|Genre||Paint the town red (or blue or green or whatever)|
|MtAMinutes to Action||2|
|Buy from Amazon|
Tim Schafer is funding a game through Kickstarter. That still blows my mind. It's been clear for some time that the existing publisher-developer model isn't ideal, and that the industry would move away from it in time, but I don't think anybody expected consumer-funding to hit the relative mainstream so soon. Of course, Schafer is one of the industry's few big names, and he specializes in an inexpensive, fan-favorite style that has been MIA for years. With that in mind, it's too early to say that the floodgates of fan-funding have been flung open. But maybe we can say that the publishers' dam has a nice new fracture in it.
THQ provides a great example of how a publisher's mismanagement can ruin a developer. Blue Tongue Entertainment was an Australian outfit that developed De Blob for Wii in 2008. The game had a modest budget and a modest advertising campaign; it was a modest success, selling just under a million copies on a console tailor-made for its target audience and lacking in competition at the time. Apparently the dollar signs blinded THQ to circumstances, and it funded a multiplatform sequel that, across four systems, didn't even meet half of the original's numbers. THQ is paying the price for such decisions, but Blue Tongue Entertainment felt the brunt of the blowback when the studio was dissolved and staff was cut.
So my De Blob first hour review and the blockbuster sales it will surely generate come far too late to save Blue Tongue Entertainment from THQ 's misguided decisions. Better late than never, I suppose.
- The primary goal of De Blob is to color as many gray objects as possible by smearing them with your painted body. The objective reminds me of Katamari Damacy, in that efficient route-planning is more encouraged than skillful movements. In the two stages I played, however, I merely sidled next to every gray building I could find without any higher thought and still ended up with absurdly high scores and hours of time left on the clock. Characters pop up and present short missions, but they usually just ask you to paint a certain city block a certain color. Without any pressure or variety within each stage, painting the town feels a bit like menial labor.
- It's a good thing Blob doesn't have to make any precise jumps to get around town, because a number of small issues would make the controls insufficient. Flicking the Wii remote to jump is practically a punchline anymore, and the practice is annoying, if adequate, here. Sluggish camera controls impede fine tuning, and sticking to walls can make movement difficult in close-quarters. These are the nags of a platforming snob, mostly irrelevant at the challenge level thus far, but they exist and I do not like them so I will complain.

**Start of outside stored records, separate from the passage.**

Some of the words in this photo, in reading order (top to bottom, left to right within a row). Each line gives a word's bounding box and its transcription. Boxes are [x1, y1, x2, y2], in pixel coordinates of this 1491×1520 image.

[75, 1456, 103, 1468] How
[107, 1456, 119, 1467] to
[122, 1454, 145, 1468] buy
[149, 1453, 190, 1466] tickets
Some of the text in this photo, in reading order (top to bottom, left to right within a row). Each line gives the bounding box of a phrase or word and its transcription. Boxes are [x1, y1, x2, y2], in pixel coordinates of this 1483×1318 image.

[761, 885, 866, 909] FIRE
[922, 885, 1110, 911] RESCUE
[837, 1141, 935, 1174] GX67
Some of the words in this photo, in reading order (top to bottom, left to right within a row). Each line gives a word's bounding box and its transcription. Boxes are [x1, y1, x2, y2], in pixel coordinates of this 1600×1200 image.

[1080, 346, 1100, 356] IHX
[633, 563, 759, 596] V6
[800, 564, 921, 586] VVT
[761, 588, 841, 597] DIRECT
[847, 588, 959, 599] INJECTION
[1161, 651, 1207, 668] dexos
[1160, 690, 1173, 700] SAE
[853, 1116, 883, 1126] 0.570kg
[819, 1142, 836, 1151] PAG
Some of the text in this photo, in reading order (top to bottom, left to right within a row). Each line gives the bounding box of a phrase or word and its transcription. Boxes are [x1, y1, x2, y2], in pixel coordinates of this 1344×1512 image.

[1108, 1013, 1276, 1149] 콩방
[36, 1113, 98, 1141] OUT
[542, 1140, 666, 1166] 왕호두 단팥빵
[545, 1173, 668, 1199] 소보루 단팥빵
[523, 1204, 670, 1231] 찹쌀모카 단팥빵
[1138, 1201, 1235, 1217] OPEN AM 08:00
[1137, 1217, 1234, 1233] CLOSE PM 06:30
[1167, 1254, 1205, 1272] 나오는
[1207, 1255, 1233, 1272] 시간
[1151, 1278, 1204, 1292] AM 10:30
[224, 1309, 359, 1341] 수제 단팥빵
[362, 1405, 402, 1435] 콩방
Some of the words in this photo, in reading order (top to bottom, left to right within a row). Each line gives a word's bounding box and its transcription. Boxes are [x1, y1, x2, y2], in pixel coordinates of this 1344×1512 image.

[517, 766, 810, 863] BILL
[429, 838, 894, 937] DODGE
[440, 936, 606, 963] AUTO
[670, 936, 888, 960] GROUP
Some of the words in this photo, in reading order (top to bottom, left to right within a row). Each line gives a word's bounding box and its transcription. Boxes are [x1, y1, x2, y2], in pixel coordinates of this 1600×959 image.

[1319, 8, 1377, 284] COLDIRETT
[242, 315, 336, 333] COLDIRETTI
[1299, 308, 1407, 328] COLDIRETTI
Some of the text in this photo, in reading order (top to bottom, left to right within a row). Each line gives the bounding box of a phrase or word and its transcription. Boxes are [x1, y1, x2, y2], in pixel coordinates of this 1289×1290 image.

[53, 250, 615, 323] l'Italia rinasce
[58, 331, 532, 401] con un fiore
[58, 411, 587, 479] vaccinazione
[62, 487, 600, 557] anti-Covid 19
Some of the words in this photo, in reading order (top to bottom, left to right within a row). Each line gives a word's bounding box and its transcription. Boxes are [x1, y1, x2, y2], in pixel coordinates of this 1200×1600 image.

- I watched Toy Story 3 shortly before playing De Blob. This is a recipe for disappointment, as Pixar's masterpiece of animation would obviously dwarf Blue Tongue Entertainment's video game models. But I have to say, De Blob's style admirably holds its own. The globular characters might be lazy in design, but they animate in a lively, expressive way that reminds me of Pixar shorts. I also like that the music is layered with more lively instruments as the landscape takes on color. Really, there's a level of audiovisual polish that's unexpected in a game below the nebulous AAA threshold.
- I also really like the game's radar thingy. Hold the A button and a circle forms around Blob, showing the direction of the nearest paint colors, objectives, and challenges. It's such a small thing to comment on, but I find it really cool for some reason.
Minutes to Action: 2
Would I keep playing? Doubtful. De Blob certainly has charm and a premise with potential, but nothing specific about that first hour sticks in my mind. The whole hour was spent touching buildings and...touching more buildings. Katamari succeeds with strict time limits and frequent scale shifts that maintain variety and pressure. My hour with De Blob was comparatively flat, and I'm not compelled to try more as a result.